Carr and Compton are described as having "swaggersticks tight in their oxters, as they march unsteadily rightaboutface and burst together from their mouths a volleyed fart". Carr is portrayed as coarse and foul-mouthed: "God fuck old Bennett. He's a whitearsed bugger. I don't give a shit for him," and "I'll wring the neck of any fucking bastard says a word against my bleeding fucking king".

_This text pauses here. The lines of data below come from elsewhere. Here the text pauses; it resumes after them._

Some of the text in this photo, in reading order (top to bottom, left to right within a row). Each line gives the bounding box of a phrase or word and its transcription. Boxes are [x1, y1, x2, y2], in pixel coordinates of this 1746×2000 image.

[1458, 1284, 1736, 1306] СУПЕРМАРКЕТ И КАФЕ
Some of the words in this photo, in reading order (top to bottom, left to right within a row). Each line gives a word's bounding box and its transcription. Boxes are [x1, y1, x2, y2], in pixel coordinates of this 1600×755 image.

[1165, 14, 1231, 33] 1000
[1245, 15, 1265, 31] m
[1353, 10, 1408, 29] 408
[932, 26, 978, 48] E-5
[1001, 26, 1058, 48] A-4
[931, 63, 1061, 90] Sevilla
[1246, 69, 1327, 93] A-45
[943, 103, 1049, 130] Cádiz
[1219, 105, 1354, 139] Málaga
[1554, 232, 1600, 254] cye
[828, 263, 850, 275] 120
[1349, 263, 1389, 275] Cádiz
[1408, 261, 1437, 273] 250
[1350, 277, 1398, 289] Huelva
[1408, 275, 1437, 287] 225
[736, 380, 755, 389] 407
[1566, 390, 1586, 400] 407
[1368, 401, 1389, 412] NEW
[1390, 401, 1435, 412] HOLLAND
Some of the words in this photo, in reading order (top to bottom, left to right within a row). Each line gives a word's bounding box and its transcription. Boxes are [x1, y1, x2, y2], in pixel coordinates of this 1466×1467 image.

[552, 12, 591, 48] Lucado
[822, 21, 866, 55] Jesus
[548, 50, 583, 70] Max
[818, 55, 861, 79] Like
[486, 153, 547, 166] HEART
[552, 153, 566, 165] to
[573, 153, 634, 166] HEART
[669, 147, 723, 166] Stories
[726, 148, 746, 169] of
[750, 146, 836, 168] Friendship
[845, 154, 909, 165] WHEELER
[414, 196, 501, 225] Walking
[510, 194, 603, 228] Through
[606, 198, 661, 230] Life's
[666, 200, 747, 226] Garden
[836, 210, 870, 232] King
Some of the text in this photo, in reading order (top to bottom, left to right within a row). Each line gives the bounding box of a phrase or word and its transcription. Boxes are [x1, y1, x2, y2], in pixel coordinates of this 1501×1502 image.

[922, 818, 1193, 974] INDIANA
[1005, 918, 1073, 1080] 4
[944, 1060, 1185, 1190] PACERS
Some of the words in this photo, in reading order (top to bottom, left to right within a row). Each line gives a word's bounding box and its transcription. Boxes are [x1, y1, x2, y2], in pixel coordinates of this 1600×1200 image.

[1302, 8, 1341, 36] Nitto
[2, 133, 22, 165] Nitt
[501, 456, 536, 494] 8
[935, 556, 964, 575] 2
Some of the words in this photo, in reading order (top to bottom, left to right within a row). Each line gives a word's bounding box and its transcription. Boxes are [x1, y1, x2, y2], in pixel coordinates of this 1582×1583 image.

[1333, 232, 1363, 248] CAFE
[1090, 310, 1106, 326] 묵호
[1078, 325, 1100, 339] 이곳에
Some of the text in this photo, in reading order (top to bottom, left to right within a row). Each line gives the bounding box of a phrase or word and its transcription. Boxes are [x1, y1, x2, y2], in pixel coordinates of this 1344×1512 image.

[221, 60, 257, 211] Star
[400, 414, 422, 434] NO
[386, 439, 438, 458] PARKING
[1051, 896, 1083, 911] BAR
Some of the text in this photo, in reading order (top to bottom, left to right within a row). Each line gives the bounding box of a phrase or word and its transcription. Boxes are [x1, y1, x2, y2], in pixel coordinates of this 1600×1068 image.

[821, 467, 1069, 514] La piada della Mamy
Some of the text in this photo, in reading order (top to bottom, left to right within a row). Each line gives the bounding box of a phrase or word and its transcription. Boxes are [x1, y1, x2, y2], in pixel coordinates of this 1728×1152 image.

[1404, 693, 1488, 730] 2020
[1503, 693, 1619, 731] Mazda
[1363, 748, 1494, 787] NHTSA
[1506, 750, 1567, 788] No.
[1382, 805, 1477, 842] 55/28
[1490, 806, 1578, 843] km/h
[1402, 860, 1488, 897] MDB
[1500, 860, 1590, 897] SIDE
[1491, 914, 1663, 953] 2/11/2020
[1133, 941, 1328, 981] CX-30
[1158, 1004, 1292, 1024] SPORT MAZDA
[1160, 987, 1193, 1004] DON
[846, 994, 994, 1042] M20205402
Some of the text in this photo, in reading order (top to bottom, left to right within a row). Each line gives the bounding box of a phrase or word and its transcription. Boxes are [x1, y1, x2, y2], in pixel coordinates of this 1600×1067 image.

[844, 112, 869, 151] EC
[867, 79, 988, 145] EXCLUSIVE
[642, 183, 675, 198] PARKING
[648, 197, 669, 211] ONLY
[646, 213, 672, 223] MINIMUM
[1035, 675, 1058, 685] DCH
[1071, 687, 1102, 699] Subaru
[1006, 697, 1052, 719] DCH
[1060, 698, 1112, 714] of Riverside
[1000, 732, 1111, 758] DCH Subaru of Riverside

The real Carr was well aware of Joyce's malicious depiction of him, but expressed his lack of concern about it.

==Stoppard's Carr==
In the 1970s, Tom Stoppard, struck by the fact that Joyce, Vladimir Lenin and the Dadaist poet Tristan Tzara were all in Zurich in 1917, wrote a play that brought all three together in the unreliable memory of the octogenarian Carr looking back five decades later. In Travesties (1974) Carr is the central figure with the others in orbit around him. Carr is seen both as an old man reminiscing and as the young man of 1917 – the same actor plays both Carrs. The young Carr spies on Lenin, argues with Tzara about the nature of true art, is persuaded by Joyce to play Algernon and later quarrels over the cost of buying new trousers for the role. The old Carr concludes the first act:

I dreamed about him, dreamed I had him in the witness box, a masterly cross-examination, case practically won, admitted it all, the whole thing, the trousers, everything, and I flung at him – "And what did you do in the Great War?" "I wrote Ulysses," he said. "What did you do?"
Bloody nerve.

After further confused memories and mix-ups in the second act, the old Carr concludes the play:

Great days ... Zurich during the war. Refugees, spies, exiles, painters, poets, writers, radicals of all kinds. I knew them all. Used to argue far into the night – at the Odeon, the Terrasse – I learned three things in Zurich during the war. I wrote them down. Firstly, you're either a revolutionary or you're not, and if you're not you might as well be an artist as anything else. Secondly, if you can't be an artist, you might as well be a revolutionary …
I forget the third thing.

==Notes, references and sources==
===Sources===
- Ellmann, Richard (1983). "James Joyce"
- Fischer, Andreas (2020). "James Joyce in Zurich: A Guide"
- Joyce, James (1937). "Ulysses"
- Stoppard, Tom (1993). "Travesties"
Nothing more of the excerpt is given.